Caveats and considerations
Subtraction of V-only AEPs
Subtraction of evoked potentials of the silent condition (V-only) from AEPs of the AV conditions is a practice commonly used in AV research (Stekelenburg and Vroomen, 2007; Alsius et al., 2014; Baart and Samuel, 2015). Our results except for one (illusion-ba vs AV-congruent-fa) largely held with this subtraction. However, a caveat of this approach is that, if the silent condition evokes auditory activity (Calvert et al., 1997; Pekkola et al., 2005; Besle et al., 2008), as can safely be deduced from the topographies of the V-only condition (Fig. 3B; frontocentral negativity), then by removing the evoked potentials of the silent condition, a critical effect (visual modulation of auditory cortex) is also removed. Also, the assumption of additivity (AV = A + V) is not well supported (Besle et al., 2004; van Wassenhove et al., 2005; Pilling, 2009). Nonetheless, in the present study, visual evoked potentials superimpose with the AEPs as observed in Figure 3B, C (left topographies) and Figure 5A (left and middle topographies). However, it is not clear to what extent, if any, this superimposition affects the AEPs at frontocentral sites (channels FCz/Cz), where auditory activity is prominent. Figures 3B, C and 5A show a distinct focal activity at parieto-occipital sites (red) that is consistent with visual potentials. However, they also show negative frontal and vertex activity (blue). The vertex activity is consistent with a negative auditory potential (N1), although the frontal activity most likely reflects the negative pole of the generators of the visual evoked potentials over parieto-occipital sites. We have no way of knowing whether this visual activity is related to viseme representations (a meaningful visual response coinciding with the auditory N1) or due to nonmeaningful mouth movements (i.e., a confound).

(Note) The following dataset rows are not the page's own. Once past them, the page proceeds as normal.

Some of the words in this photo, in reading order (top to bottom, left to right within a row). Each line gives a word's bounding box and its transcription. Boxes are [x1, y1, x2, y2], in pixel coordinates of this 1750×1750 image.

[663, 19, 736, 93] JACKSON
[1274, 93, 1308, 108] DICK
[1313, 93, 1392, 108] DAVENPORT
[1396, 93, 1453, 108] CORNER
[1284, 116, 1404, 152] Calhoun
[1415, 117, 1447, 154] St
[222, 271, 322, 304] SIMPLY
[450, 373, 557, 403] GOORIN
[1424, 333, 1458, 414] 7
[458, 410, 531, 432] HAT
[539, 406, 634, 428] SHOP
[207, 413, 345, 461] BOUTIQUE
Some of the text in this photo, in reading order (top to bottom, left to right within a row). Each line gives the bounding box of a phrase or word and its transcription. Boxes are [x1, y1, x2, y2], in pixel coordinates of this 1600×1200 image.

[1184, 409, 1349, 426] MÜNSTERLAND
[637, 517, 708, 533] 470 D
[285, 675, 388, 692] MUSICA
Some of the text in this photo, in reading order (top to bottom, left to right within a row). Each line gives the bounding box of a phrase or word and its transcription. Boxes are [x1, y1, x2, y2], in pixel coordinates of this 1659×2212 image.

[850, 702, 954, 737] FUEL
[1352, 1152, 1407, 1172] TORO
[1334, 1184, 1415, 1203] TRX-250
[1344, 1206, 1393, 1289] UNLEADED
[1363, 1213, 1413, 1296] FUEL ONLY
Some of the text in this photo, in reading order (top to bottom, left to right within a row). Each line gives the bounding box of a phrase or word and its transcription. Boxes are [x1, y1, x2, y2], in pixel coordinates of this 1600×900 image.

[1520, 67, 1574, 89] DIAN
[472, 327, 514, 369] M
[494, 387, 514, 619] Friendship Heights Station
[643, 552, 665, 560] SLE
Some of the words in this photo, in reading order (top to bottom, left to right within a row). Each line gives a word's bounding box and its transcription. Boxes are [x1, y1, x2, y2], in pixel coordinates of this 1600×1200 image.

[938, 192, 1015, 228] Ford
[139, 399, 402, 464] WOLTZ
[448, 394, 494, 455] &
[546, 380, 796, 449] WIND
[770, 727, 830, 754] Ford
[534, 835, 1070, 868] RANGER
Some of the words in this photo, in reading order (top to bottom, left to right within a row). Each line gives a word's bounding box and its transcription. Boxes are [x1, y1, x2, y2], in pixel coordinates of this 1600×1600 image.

To provide reassurance that the visual activity did not influence the results, we conducted a supplementary analysis. We reanalyzed the contrast depicted in Figure 5A, with only ICA components (maximum of 3 per subject) that represented auditory activity. We discarded all other components, including those representing visual evoked potentials. We stress that the rejected ICA components were common across all conditions. If the N1 AEP effect observed in Figure 5A is an artifact of visual evoked potentials, then it should diminish following this operation. The results of the new analysis using the CBPTs are shown in Figure 7 (compare with Fig. 5A, AEP waveforms and topographies). Two striking differences distinguish the two figures: (1) the waveforms are substantially smaller in the new analysis; and (2) the posterior focal positivities (visual evoked potentials) have disappeared. More importantly, despite a reduction in amplitude and the absence of visual potentials, the outcome was qualitatively the same as the original analysis. The CBPTs revealed that the N1 amplitude of illusion-ba was smaller than that of AV-congruent-ba (p = 0.013), and larger (more negative) than the N1 of AV-congruent-fa (p = 0.001 reaching significance at Cz but not FCz; 8 of 9 subjects showed this effect). In other words, perception of illusion-ba increased the N1 amplitude of /fa/ to be intermediate to the congruent percepts, as was found in the original analysis, which included ICA associated with visual potentials (Fig. 5A). This supplementary analysis reduces the likelihood that the effects observed in this study are attributed to visual evoked potentials contaminating auditory activity.
Baseline choice
We baselined the poststimulus activity to the 100 ms preacoustic stimulus period. However, this period may be contaminated by activity attributed to the preceding visual stimulus. To alleviate our concern, we conducted a reanalysis of the data in which we baselined to an earlier period (−600 to −500 ms prestimulus). This earlier period occurred before any prearticulatory mouth movements. All effects reported in the original analyses were qualitatively replicated. The decision to use the 100 ms preacoustic period for the baseline was motivated by a strategy to maximize the number of trials because more trials are rejected (due to artifacts) with a longer prestimulus interval (and thus a longer epoch).
Discussion
Brief summary and theory
We show that the N1 amplitude is augmented when subjects perceive illusion-ba (visual /ba/, acoustic /fa/, heard /ba/) and weakened when they perceive illusion-fa (visual /fa/, acoustic /ba/, heard /fa/). These effects mirror the direction of the N1 amplitude observed for these CVs in ecological listening situations (e.g., A-only speech). Also, these N1 effects were more robust in stronger than weaker illusion-perceivers. The results support a mechanism by which the visual modality influences encoding of phonetic features at the auditory cortex, and that this influence commences at early stages of processing (van Wassenhove et al., 2005; Alsius and Munhall, 2013).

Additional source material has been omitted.